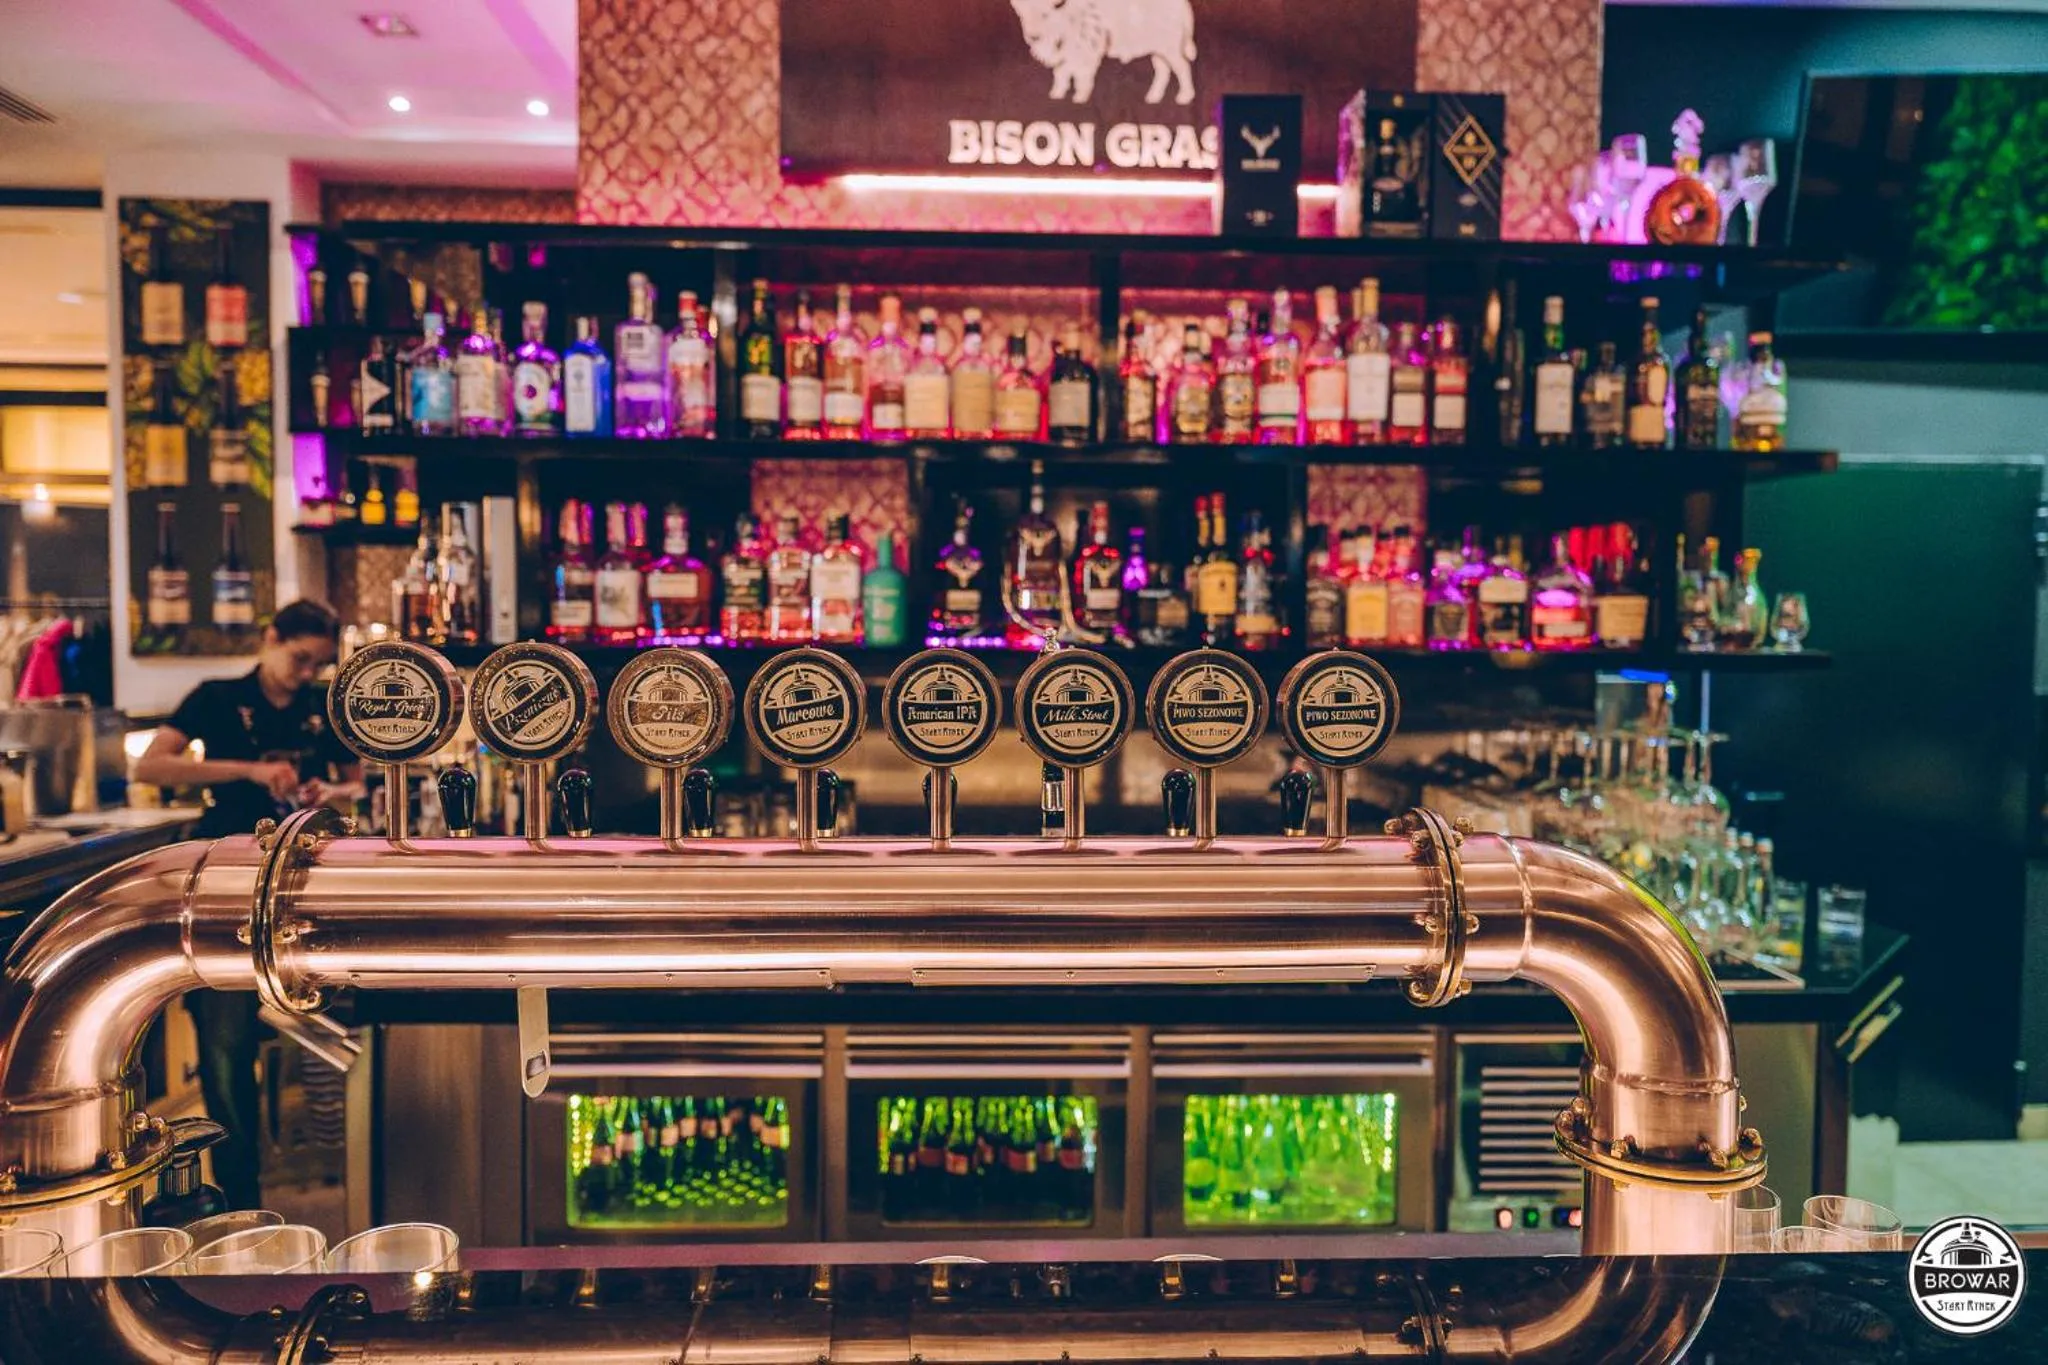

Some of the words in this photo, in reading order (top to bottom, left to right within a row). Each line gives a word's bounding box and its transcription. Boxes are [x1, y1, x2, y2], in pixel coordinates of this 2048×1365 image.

[948, 119, 1096, 166] BISON
[651, 704, 685, 721] Pils
[776, 703, 835, 726] Marcowe
[907, 705, 954, 720] American
[956, 704, 977, 720] IPA
[1042, 705, 1077, 723] Milk
[1078, 706, 1109, 721] Stout
[1173, 704, 1196, 719] PIWO
[1197, 706, 1245, 718] SEZONOWE
[1306, 710, 1330, 722] PIWO
[1330, 708, 1377, 721] SEZONOWE
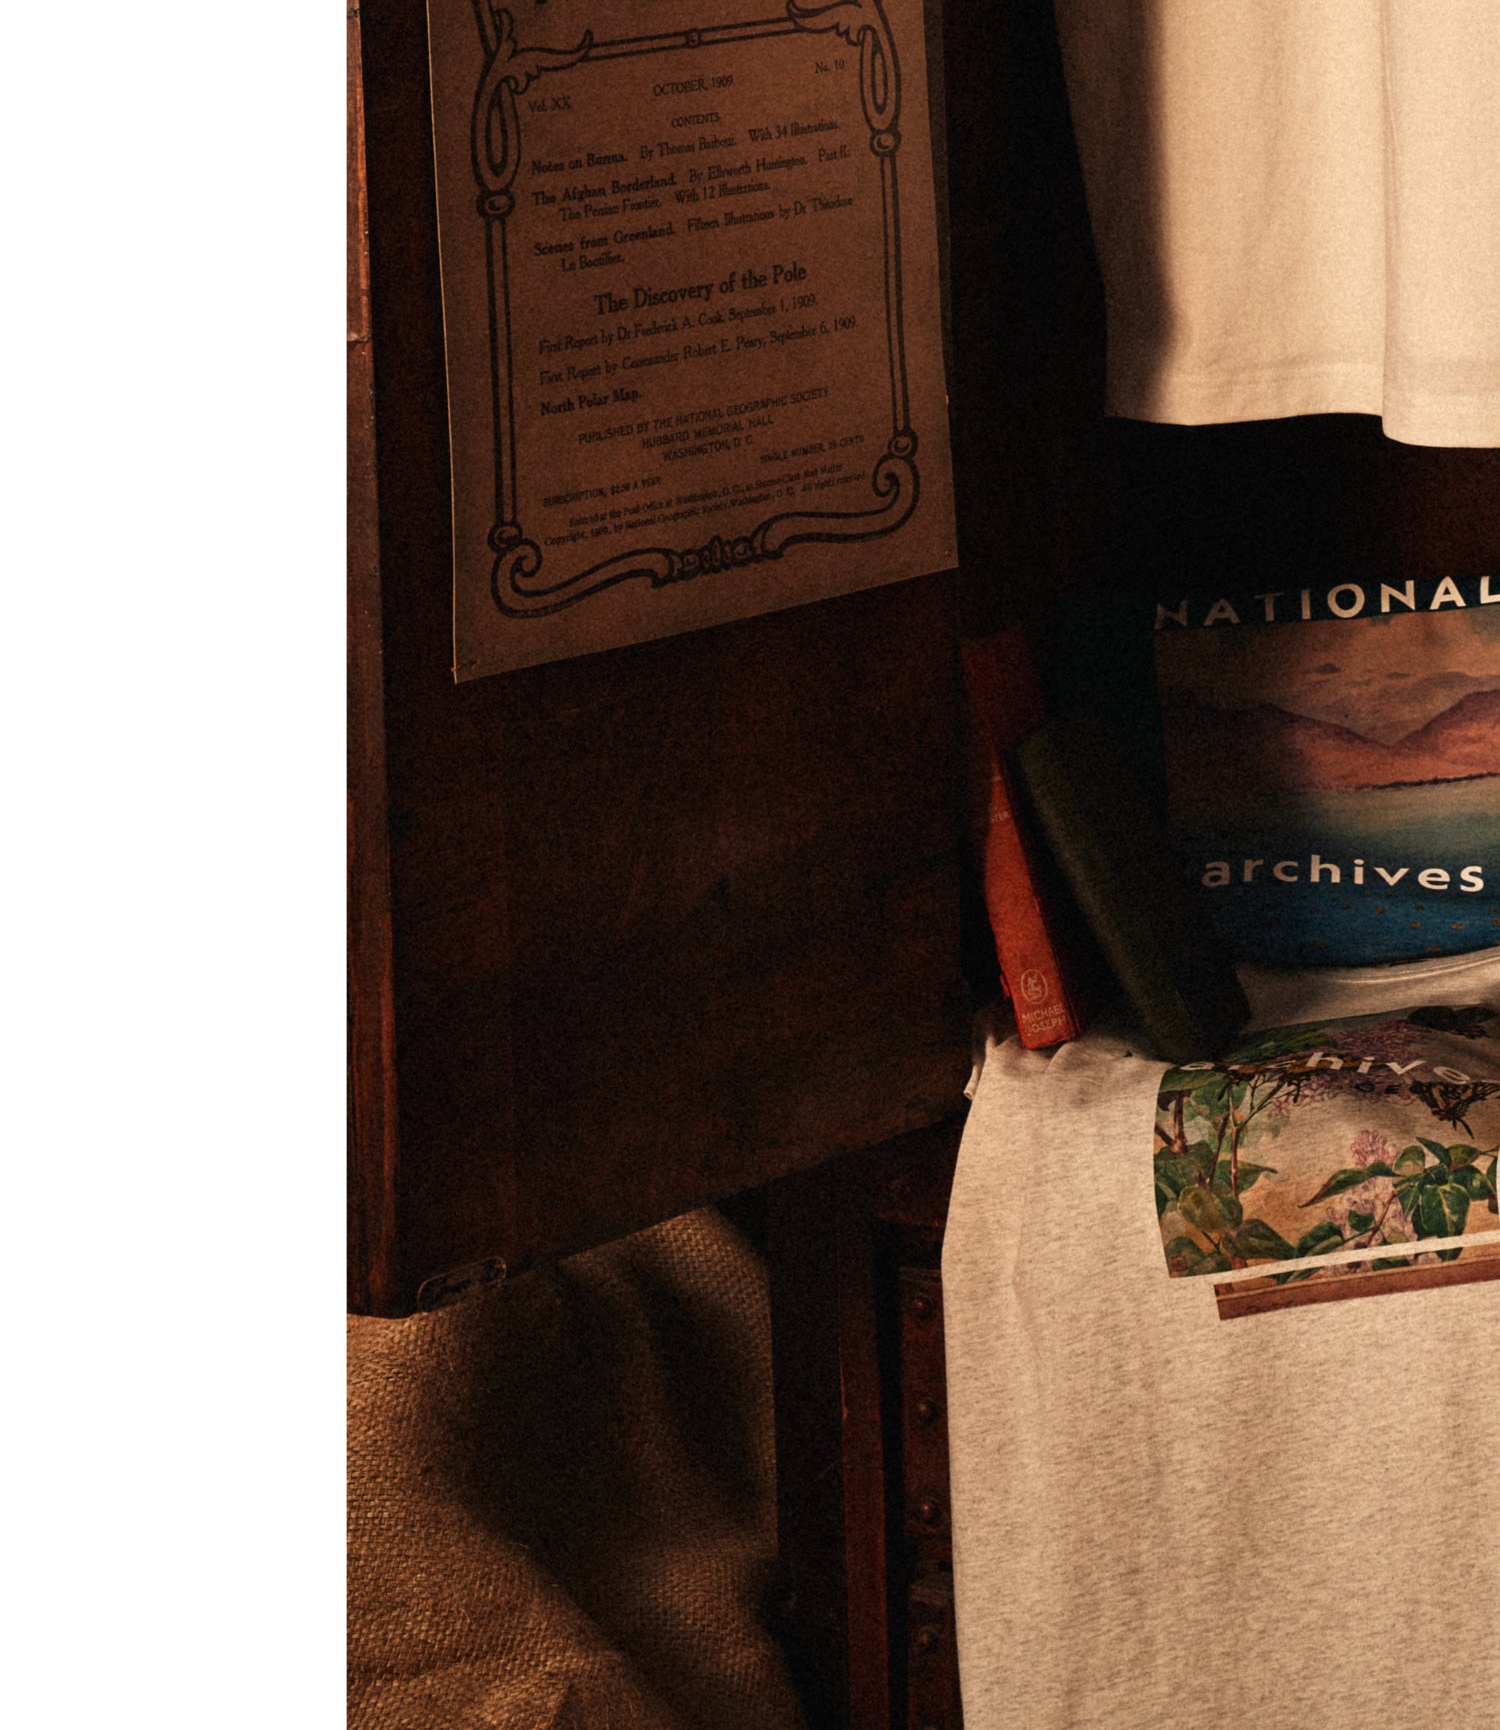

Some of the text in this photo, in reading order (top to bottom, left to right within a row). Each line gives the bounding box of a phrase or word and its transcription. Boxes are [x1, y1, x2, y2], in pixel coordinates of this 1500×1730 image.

[671, 112, 720, 128] CONTENTS
[531, 160, 564, 175] Notes
[568, 159, 583, 169] on
[640, 145, 653, 161] By
[657, 142, 695, 157] Thomas
[748, 128, 772, 143] With
[775, 126, 787, 139] 34
[532, 190, 556, 206] The
[562, 185, 606, 202] Afghan
[611, 173, 677, 194] Borderland.
[689, 169, 703, 184] By
[708, 161, 751, 180] Ellsworth
[818, 148, 837, 163] Part
[558, 207, 580, 221] The
[584, 202, 619, 218] Persian
[674, 187, 699, 203] With
[703, 185, 715, 200] 12
[534, 194, 854, 257] Scenes from Greenland. Fifteen Illustrations by Dr Theodore
[594, 261, 807, 315] The Discovery of the Pole
[539, 339, 560, 355] First
[565, 334, 598, 351] Report
[601, 329, 614, 346] by
[617, 326, 631, 341] Dr
[634, 318, 678, 338] Frederick
[729, 302, 776, 323] September
[540, 371, 562, 385] First
[567, 365, 601, 382] Report
[604, 359, 617, 376] by
[622, 350, 679, 370] Commander
[683, 344, 718, 360] Robert
[736, 335, 766, 351] Peary,
[770, 325, 816, 345] September
[541, 388, 642, 416] North Polar Map.
[578, 387, 829, 445] PUBLISHED BY THE NATIONAL GEOGRAPHIC SOCIETY
[642, 415, 774, 449] HUBBARD MEMORIAL HALL
[839, 435, 865, 447] CENTS
[641, 476, 662, 487] YEAR
[1200, 854, 1485, 893] archives
[1021, 1002, 1066, 1024] MICHAEL
[1027, 1015, 1067, 1037] JOSEPH

==============================

▸ Activity: Set down the data again, exactly, without images.

▸ Answer section:
Some of the words in this photo, in reading order (top to bottom, left to right within a row). Each line gives a word's bounding box and its transcription. Boxes are [x1, y1, x2, y2], in pixel coordinates of this 2048×1365 image.

[948, 119, 1096, 166] BISON
[651, 704, 685, 721] Pils
[776, 703, 835, 726] Marcowe
[907, 705, 954, 720] American
[956, 704, 977, 720] IPA
[1042, 705, 1077, 723] Milk
[1078, 706, 1109, 721] Stout
[1173, 704, 1196, 719] PIWO
[1197, 706, 1245, 718] SEZONOWE
[1306, 710, 1330, 722] PIWO
[1330, 708, 1377, 721] SEZONOWE

Some of the text in this photo, in reading order (top to bottom, left to right within a row). Each line gives the bounding box of a phrase or word and its transcription. Boxes are [x1, y1, x2, y2], in pixel coordinates of this 1500×1730 image.

[671, 112, 720, 128] CONTENTS
[531, 160, 564, 175] Notes
[568, 159, 583, 169] on
[640, 145, 653, 161] By
[657, 142, 695, 157] Thomas
[748, 128, 772, 143] With
[775, 126, 787, 139] 34
[532, 190, 556, 206] The
[562, 185, 606, 202] Afghan
[611, 173, 677, 194] Borderland.
[689, 169, 703, 184] By
[708, 161, 751, 180] Ellsworth
[818, 148, 837, 163] Part
[558, 207, 580, 221] The
[584, 202, 619, 218] Persian
[674, 187, 699, 203] With
[703, 185, 715, 200] 12
[534, 194, 854, 257] Scenes from Greenland. Fifteen Illustrations by Dr Theodore
[594, 261, 807, 315] The Discovery of the Pole
[539, 339, 560, 355] First
[565, 334, 598, 351] Report
[601, 329, 614, 346] by
[617, 326, 631, 341] Dr
[634, 318, 678, 338] Frederick
[729, 302, 776, 323] September
[540, 371, 562, 385] First
[567, 365, 601, 382] Report
[604, 359, 617, 376] by
[622, 350, 679, 370] Commander
[683, 344, 718, 360] Robert
[736, 335, 766, 351] Peary,
[770, 325, 816, 345] September
[541, 388, 642, 416] North Polar Map.
[578, 387, 829, 445] PUBLISHED BY THE NATIONAL GEOGRAPHIC SOCIETY
[642, 415, 774, 449] HUBBARD MEMORIAL HALL
[839, 435, 865, 447] CENTS
[641, 476, 662, 487] YEAR
[1200, 854, 1485, 893] archives
[1021, 1002, 1066, 1024] MICHAEL
[1027, 1015, 1067, 1037] JOSEPH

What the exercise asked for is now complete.